My pt the other day was amazingly sweet. He let me try all kinds of things on him. Wait... I didn't mean that in a perverted way. Anyway, He was scheduled to have an upper endoscopy, which is where the doctor will take a tube with a camera on the tip of it and he/she looks down your mouth at your guts. It was pretty cool seeing it for the first time, but I think it would become really boring unless someone was bleeding internally or something. Anyway, it was pretty cool when my patient woke up and I got to tell him I saw his guts (he asked what it looked like). He just laughed. He was pretty funny. I was talking to him before his endoscopy and I told him that his wife seemed like a really sweet lady, and he mumbled on about "yeah, you don't really know her" blah blah blah, and then after the endoscopy he was talking about his wife again and said the sweetest things about her, like, "My wife, she is the most beautiful person I know. She's a much better person than me; she will do anything for anyone, no matter what they have ever done to her." It was the total opposite of what he said about her earlier, maybe it was the drugs? Maybe we should give drugs to every man who things his wife is such a nag.

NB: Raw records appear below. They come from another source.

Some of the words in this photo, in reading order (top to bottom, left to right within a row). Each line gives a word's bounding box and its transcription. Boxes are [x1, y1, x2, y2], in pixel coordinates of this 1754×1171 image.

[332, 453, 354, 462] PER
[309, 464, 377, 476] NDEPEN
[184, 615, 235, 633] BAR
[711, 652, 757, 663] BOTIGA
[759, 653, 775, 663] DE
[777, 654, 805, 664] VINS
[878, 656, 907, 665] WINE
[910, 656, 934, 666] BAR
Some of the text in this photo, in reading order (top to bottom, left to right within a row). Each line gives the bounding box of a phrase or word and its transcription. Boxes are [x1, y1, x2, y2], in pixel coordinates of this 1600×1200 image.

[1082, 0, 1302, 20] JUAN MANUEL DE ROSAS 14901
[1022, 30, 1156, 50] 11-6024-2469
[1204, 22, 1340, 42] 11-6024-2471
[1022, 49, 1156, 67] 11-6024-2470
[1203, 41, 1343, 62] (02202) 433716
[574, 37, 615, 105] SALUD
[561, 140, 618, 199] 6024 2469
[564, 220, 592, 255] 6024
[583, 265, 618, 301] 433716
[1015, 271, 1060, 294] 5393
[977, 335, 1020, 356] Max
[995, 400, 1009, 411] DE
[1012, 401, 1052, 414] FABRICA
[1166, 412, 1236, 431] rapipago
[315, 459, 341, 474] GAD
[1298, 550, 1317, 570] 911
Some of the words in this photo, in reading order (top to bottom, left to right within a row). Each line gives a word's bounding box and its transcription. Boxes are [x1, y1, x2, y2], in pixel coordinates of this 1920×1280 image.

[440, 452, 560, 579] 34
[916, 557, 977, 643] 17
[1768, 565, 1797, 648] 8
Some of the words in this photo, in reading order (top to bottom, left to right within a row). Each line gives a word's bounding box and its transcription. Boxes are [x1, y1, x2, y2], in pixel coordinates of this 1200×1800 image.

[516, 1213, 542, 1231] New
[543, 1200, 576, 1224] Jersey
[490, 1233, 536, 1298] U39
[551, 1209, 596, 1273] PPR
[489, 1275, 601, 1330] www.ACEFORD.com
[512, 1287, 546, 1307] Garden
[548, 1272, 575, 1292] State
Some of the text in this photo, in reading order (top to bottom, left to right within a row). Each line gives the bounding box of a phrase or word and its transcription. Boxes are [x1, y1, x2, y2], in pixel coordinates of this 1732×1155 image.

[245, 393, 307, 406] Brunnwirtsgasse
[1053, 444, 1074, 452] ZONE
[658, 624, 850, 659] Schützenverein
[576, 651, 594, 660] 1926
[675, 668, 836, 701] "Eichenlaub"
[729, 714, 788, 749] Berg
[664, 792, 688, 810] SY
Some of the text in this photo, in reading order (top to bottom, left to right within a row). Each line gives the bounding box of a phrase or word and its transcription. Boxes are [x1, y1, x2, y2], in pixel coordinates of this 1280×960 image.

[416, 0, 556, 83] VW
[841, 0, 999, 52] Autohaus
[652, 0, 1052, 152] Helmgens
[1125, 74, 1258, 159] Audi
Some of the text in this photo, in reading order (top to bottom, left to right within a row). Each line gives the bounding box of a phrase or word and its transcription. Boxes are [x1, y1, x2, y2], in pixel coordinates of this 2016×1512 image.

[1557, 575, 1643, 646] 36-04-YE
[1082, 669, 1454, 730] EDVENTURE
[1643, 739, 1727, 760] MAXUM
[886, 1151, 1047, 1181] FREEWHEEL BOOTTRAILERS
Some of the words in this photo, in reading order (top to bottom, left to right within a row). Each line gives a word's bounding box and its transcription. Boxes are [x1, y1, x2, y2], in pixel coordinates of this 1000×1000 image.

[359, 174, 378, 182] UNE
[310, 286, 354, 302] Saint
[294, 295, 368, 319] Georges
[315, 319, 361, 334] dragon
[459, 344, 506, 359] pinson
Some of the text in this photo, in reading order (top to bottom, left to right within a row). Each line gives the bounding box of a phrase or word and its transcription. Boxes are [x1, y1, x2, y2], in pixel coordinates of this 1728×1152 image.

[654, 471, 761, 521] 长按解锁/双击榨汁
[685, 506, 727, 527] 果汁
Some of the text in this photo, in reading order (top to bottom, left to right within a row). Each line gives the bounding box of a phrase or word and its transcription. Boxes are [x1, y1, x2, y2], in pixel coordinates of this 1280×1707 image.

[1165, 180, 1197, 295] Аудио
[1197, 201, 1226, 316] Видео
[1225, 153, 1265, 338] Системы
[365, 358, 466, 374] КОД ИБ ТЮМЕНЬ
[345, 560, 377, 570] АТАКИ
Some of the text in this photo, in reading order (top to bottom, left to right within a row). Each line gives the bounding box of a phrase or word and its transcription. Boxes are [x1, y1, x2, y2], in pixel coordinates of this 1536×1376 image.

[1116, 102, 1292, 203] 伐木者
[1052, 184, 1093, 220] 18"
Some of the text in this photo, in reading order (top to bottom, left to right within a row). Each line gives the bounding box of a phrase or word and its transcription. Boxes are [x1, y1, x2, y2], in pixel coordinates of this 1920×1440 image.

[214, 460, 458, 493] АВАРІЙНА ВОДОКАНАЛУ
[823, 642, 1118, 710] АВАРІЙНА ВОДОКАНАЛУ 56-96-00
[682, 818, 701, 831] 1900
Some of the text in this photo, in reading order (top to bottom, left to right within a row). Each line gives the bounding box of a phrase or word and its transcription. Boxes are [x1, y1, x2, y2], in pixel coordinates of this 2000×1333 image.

Anyway, after his endoscopy he decided he wanted the Pneumovax, which is the pneumonia vaccine, so I gave it to him. I've never given an IM injection, only subcutaneous, and man that needle was huge! I was drawing up the medication, shaking, and I kept picking up things and putting them down because I couldn't get my brain to work because all I could think about was that needle is so big, and it's going to go in his arm and wow, that needle is really big. Then, the nurse I was working with says to the patient, "She's done a million of these things. No really, actually it's her first." All I could think was, "Thanks, a billion, for making me more nervous than I already was. If I put this really big needle in crooked or hit his bone, it's your fault!" But I did it, and I did it well. It was actually really easy, and my patient said it barely hurt. He couldn't tell it  was my first time doing it. It didn't even bleed! (Which is a lot more than I could say about my TDAP injection I got a few months back...) My patient was being discharged after his endoscopy, so I got to take out his IV even though I've never been taught how to do it. It's pretty self-explanatory. I felt bad though because he was trying to get dressed and packed, but it kept bleeding everywhere. My nurse kept looking at me like, "What the freak did you do to his hand?". It eventually stopped. I think it was one of the best clinical days I've had because I got to try and see new things. I love learning.